§ Work required:
Print all of the data below exactly as it appears, leaving out every image.
::::
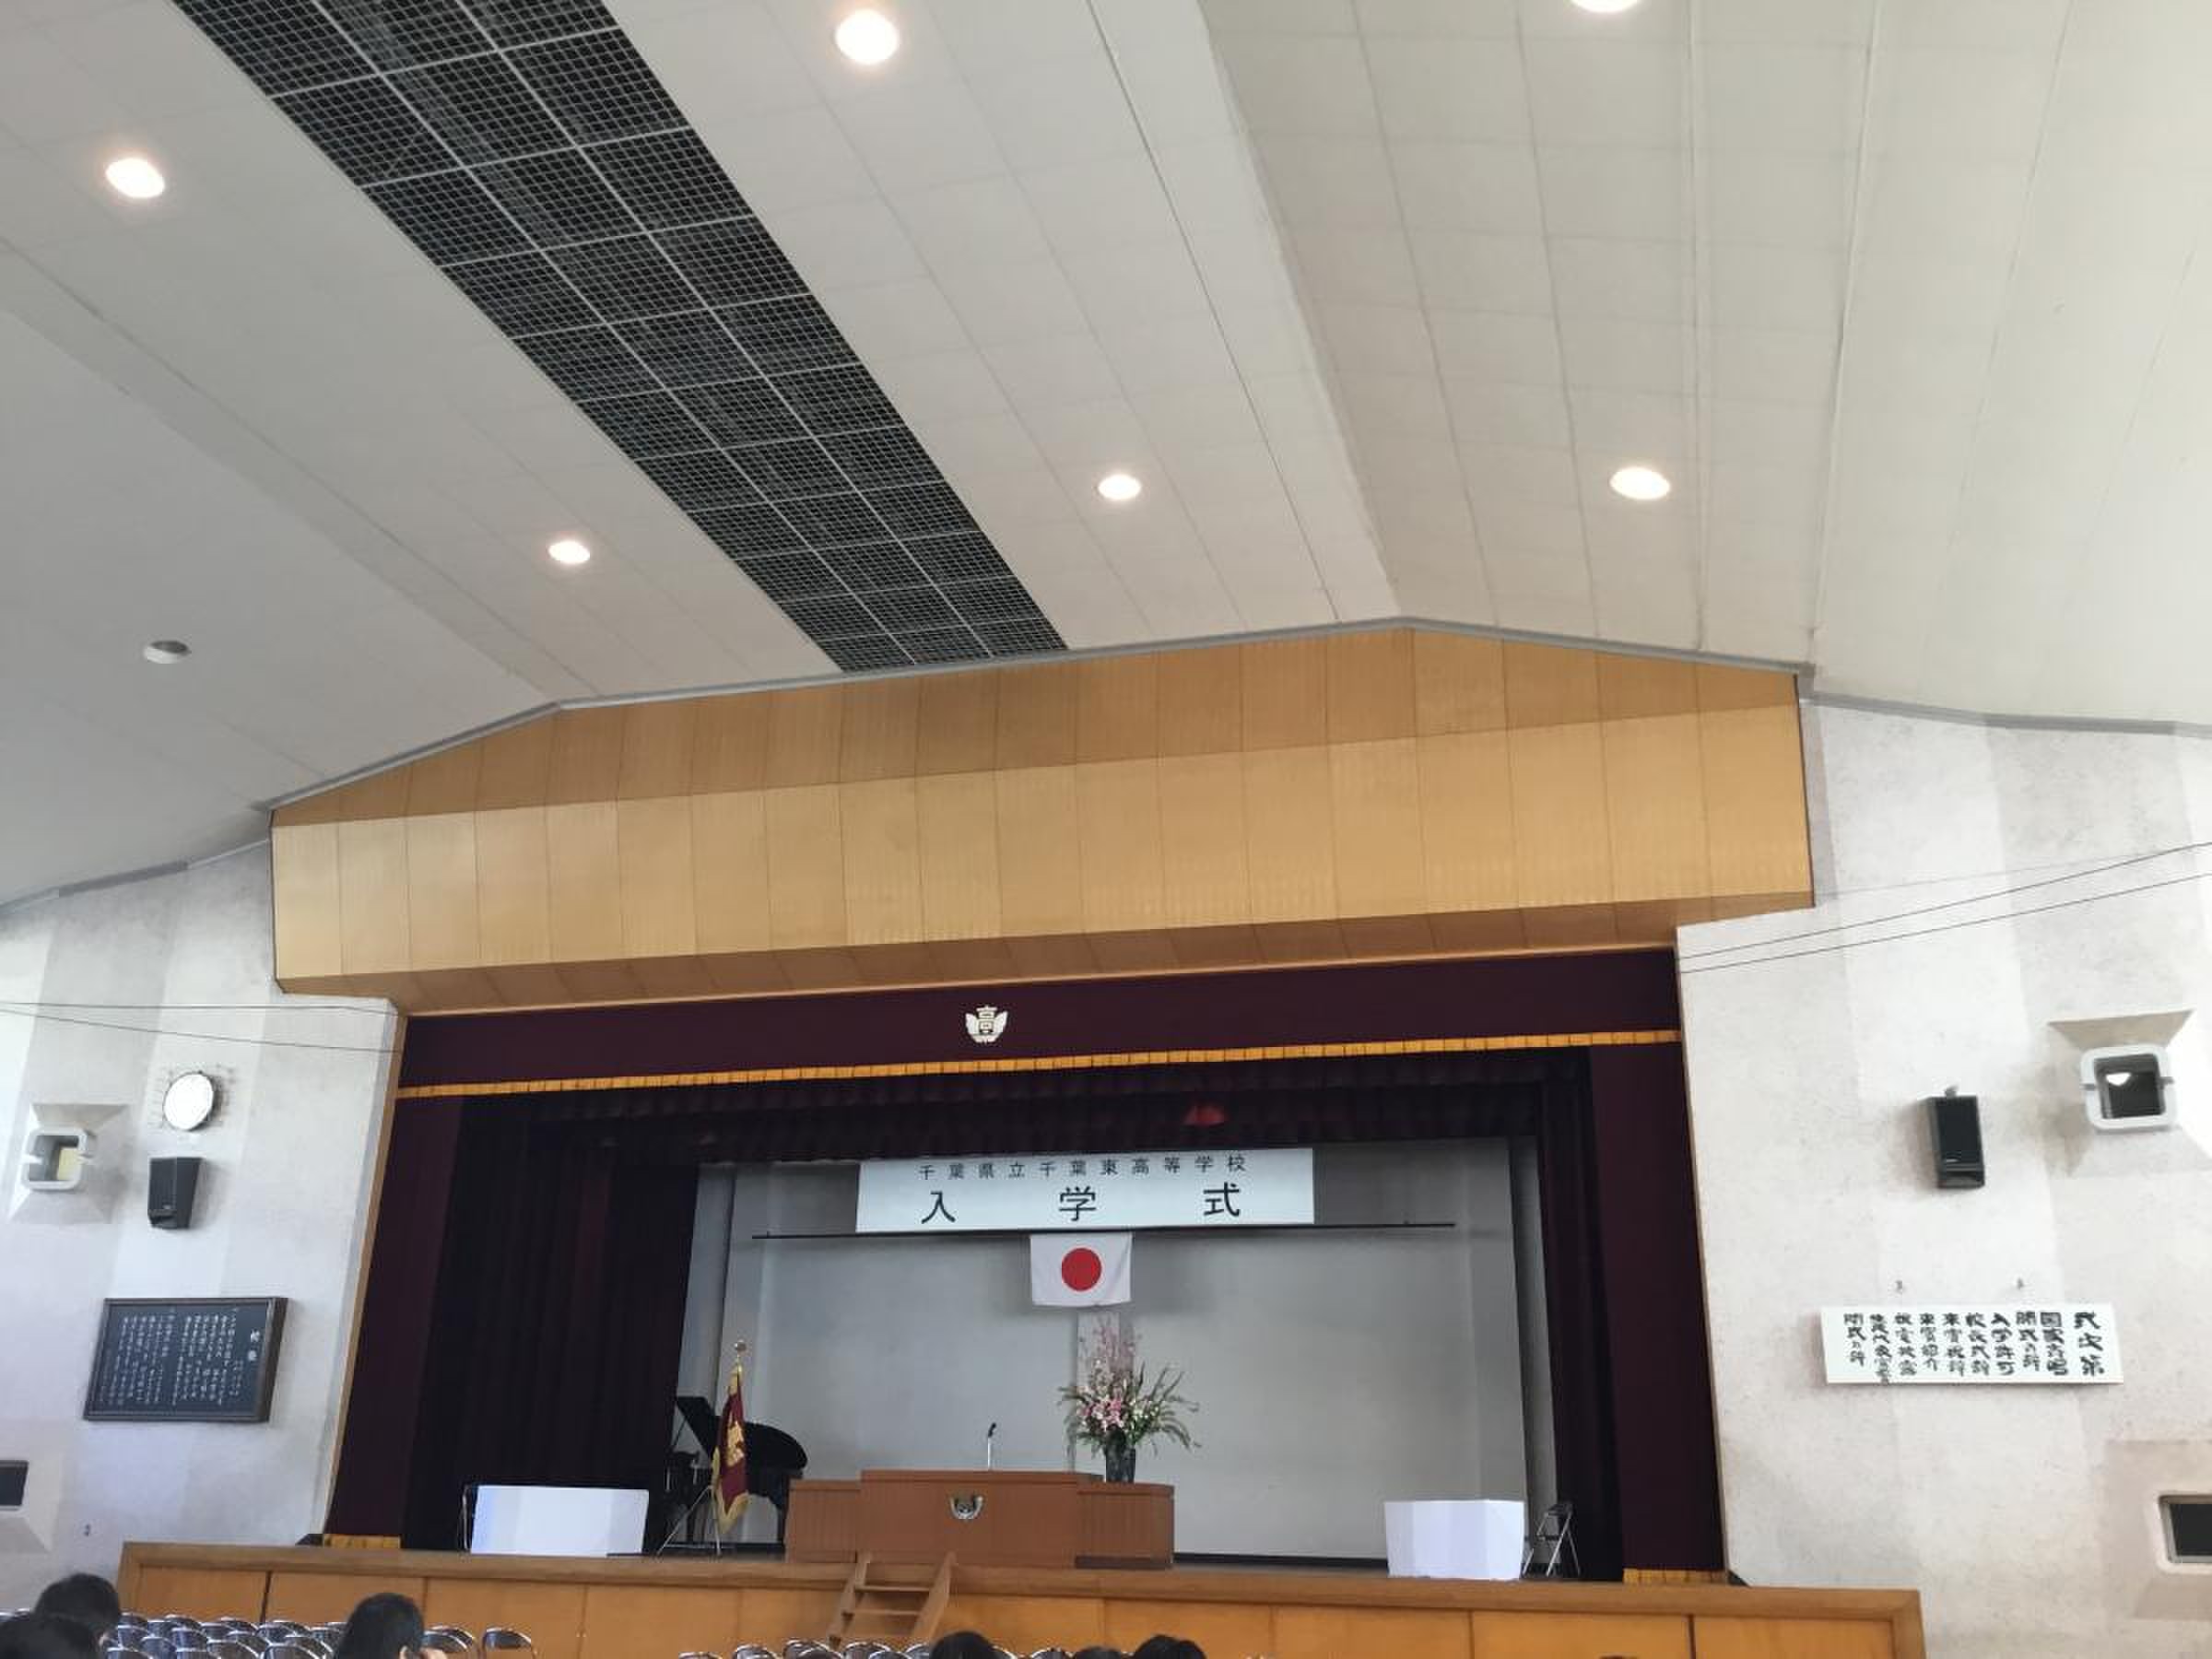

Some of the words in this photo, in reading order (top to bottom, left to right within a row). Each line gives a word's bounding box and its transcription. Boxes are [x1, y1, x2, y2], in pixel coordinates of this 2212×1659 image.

[919, 1155, 1248, 1181] 千葉県立千葉東高等学校
[922, 1182, 1241, 1225] 入学式
[1991, 1312, 2016, 1376] 入学許可
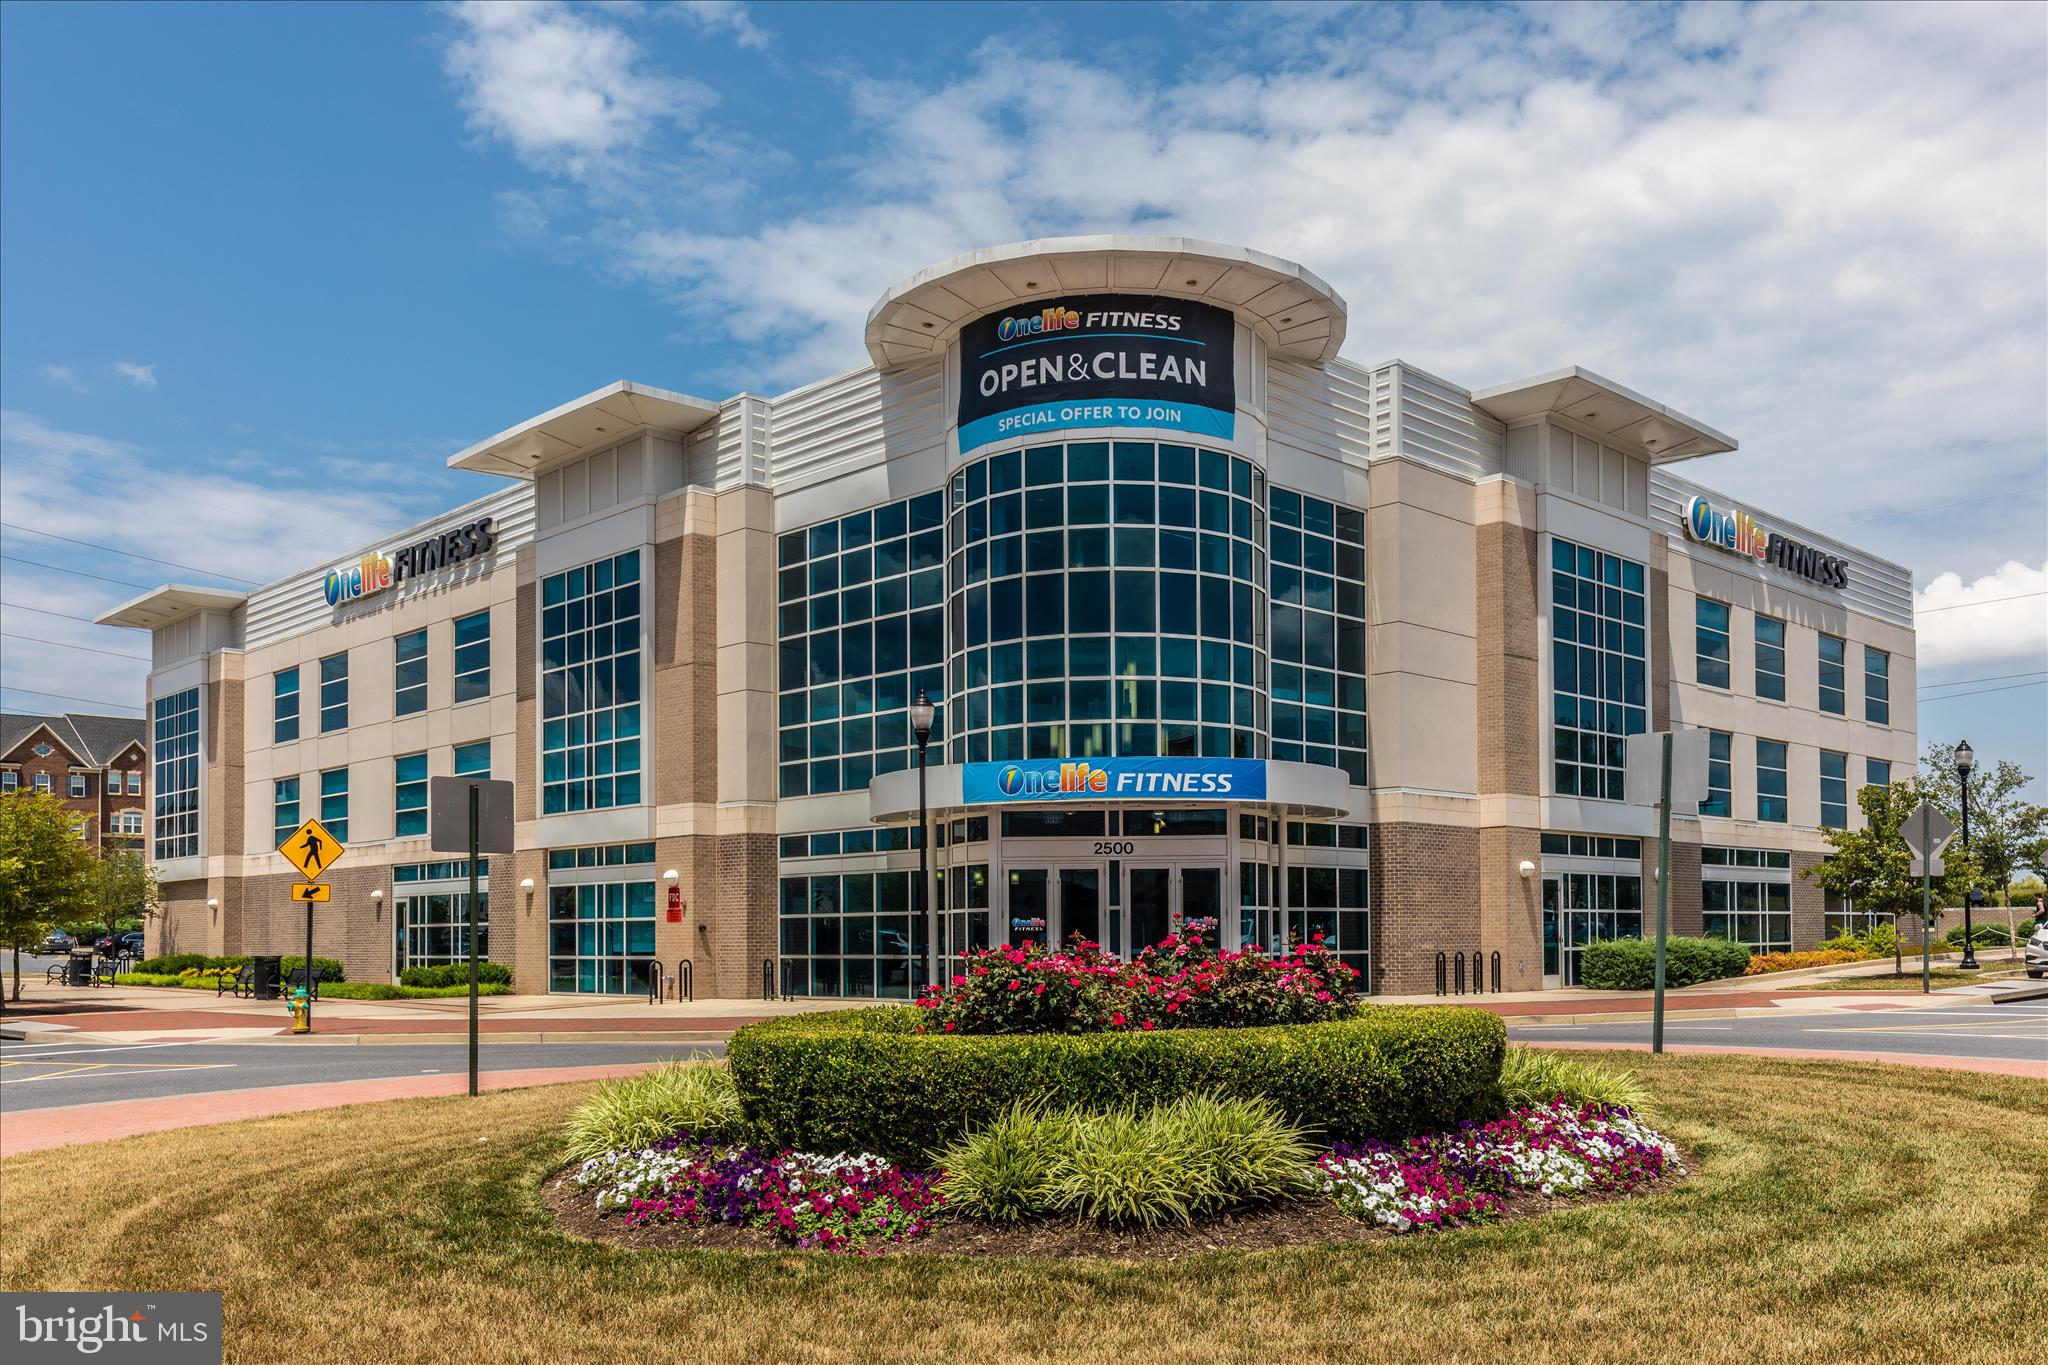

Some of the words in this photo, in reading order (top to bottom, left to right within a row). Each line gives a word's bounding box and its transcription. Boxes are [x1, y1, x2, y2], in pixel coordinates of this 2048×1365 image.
::::
§ Response area:
Some of the words in this photo, in reading order (top to bottom, left to right within a row). Each line gives a word's bounding box and its transcription. Boxes are [x1, y1, x2, y2], in pixel coordinates of this 2212×1659 image.

[919, 1155, 1248, 1181] 千葉県立千葉東高等学校
[922, 1182, 1241, 1225] 入学式
[1991, 1312, 2016, 1376] 入学許可

Some of the words in this photo, in reading order (top to bottom, left to right within a row). Each line gives a word's bounding box and its transcription. Boxes are [x1, y1, x2, y2], in pixel coordinates of this 2048×1365 image.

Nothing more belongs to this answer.